TO DO: Give every entry below again, exactly as written, and skip the images.

Phrase grounding data:
====
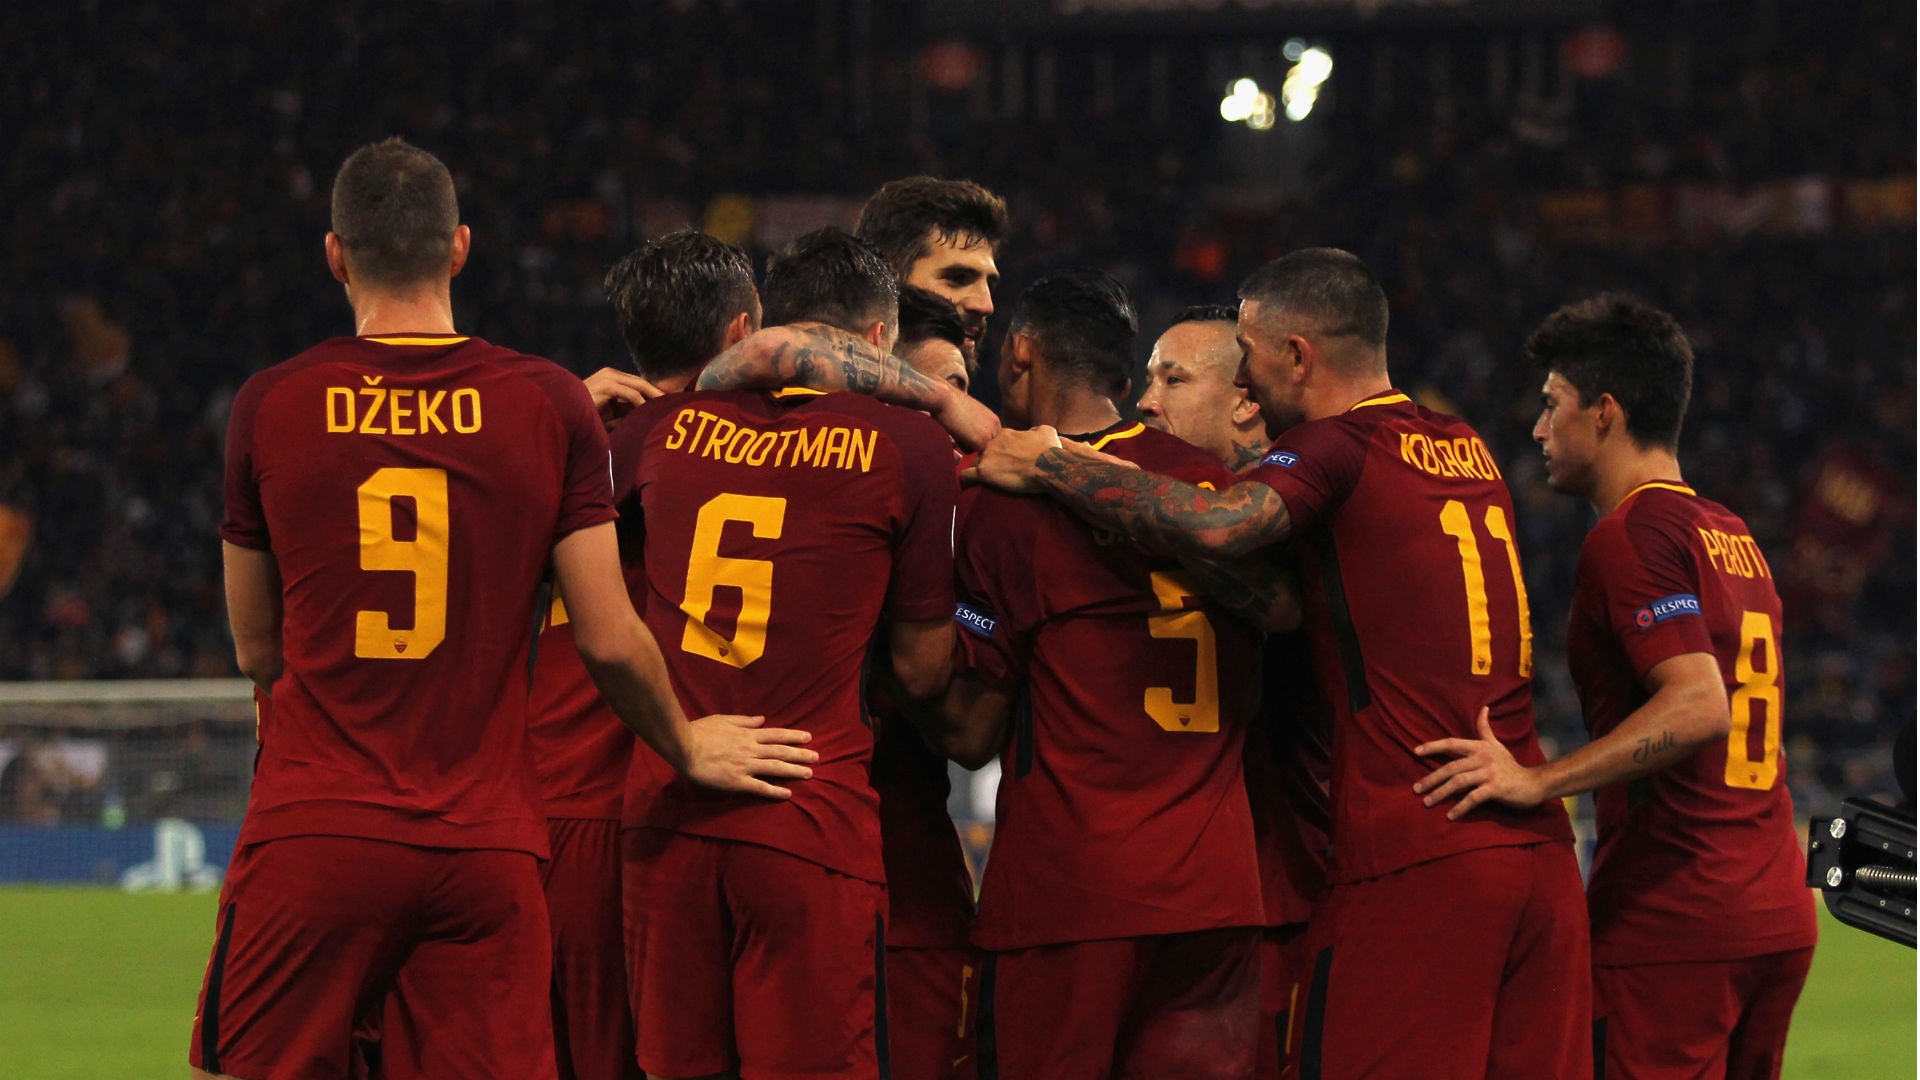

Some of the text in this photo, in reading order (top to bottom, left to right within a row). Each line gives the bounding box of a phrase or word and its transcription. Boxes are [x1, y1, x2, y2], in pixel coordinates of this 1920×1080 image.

[326, 375, 482, 435] DŽEKO
[666, 408, 879, 473] STROOTMAN
[355, 467, 449, 660] 9
[680, 493, 787, 669] 6
[1439, 499, 1533, 679] 11
[1652, 599, 1699, 617] RESPECT
[1144, 571, 1219, 733] 5
[1724, 610, 1780, 791] 8
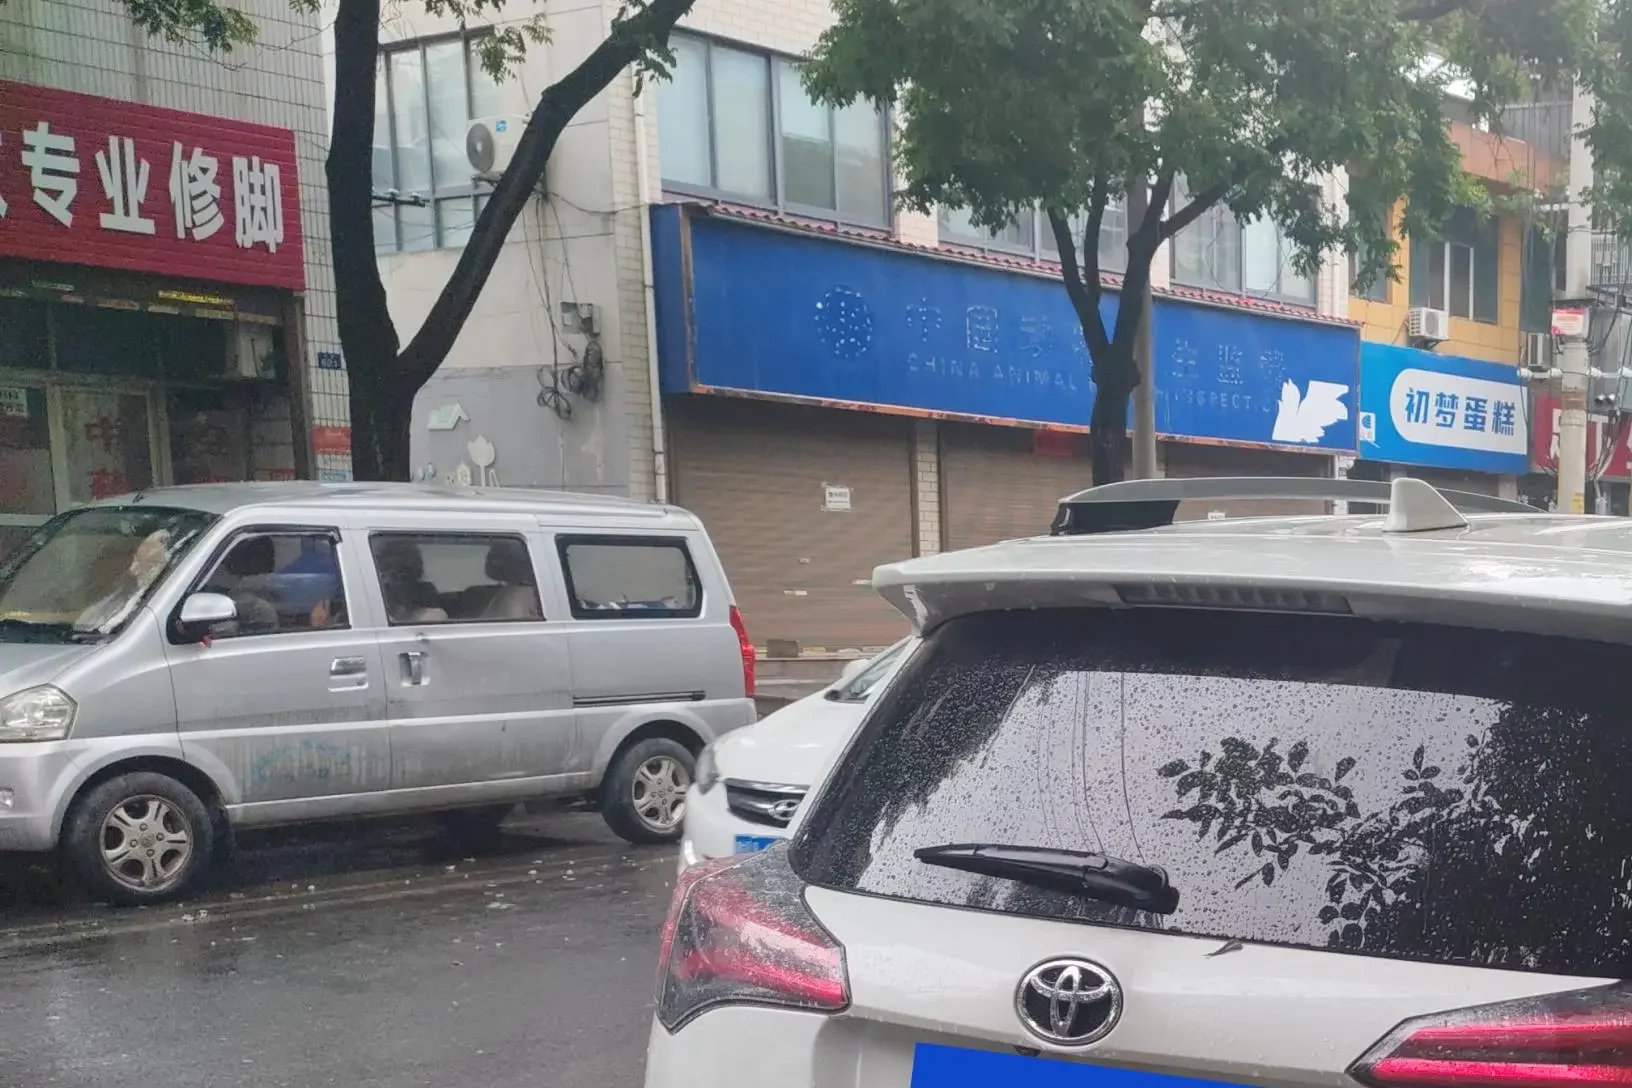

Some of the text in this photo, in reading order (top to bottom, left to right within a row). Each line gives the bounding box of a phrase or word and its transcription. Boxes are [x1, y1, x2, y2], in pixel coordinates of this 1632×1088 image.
====
WRITTEN REPLY:
Some of the text in this photo, in reading order (top to bottom, left to right within a row). Each line gives the bounding box of a phrase or word and its transcription. Boxes are [x1, y1, x2, y2], in pixel coordinates of this 1920×1080 image.

[326, 375, 482, 435] DŽEKO
[666, 408, 879, 473] STROOTMAN
[355, 467, 449, 660] 9
[680, 493, 787, 669] 6
[1439, 499, 1533, 679] 11
[1652, 599, 1699, 617] RESPECT
[1144, 571, 1219, 733] 5
[1724, 610, 1780, 791] 8

Some of the text in this photo, in reading order (top to bottom, left to right within a row). Each line gives the bounding box of a phrase or word and its transcription. Boxes are [x1, y1, x2, y2], in pixel coordinates of this 1632×1088 image.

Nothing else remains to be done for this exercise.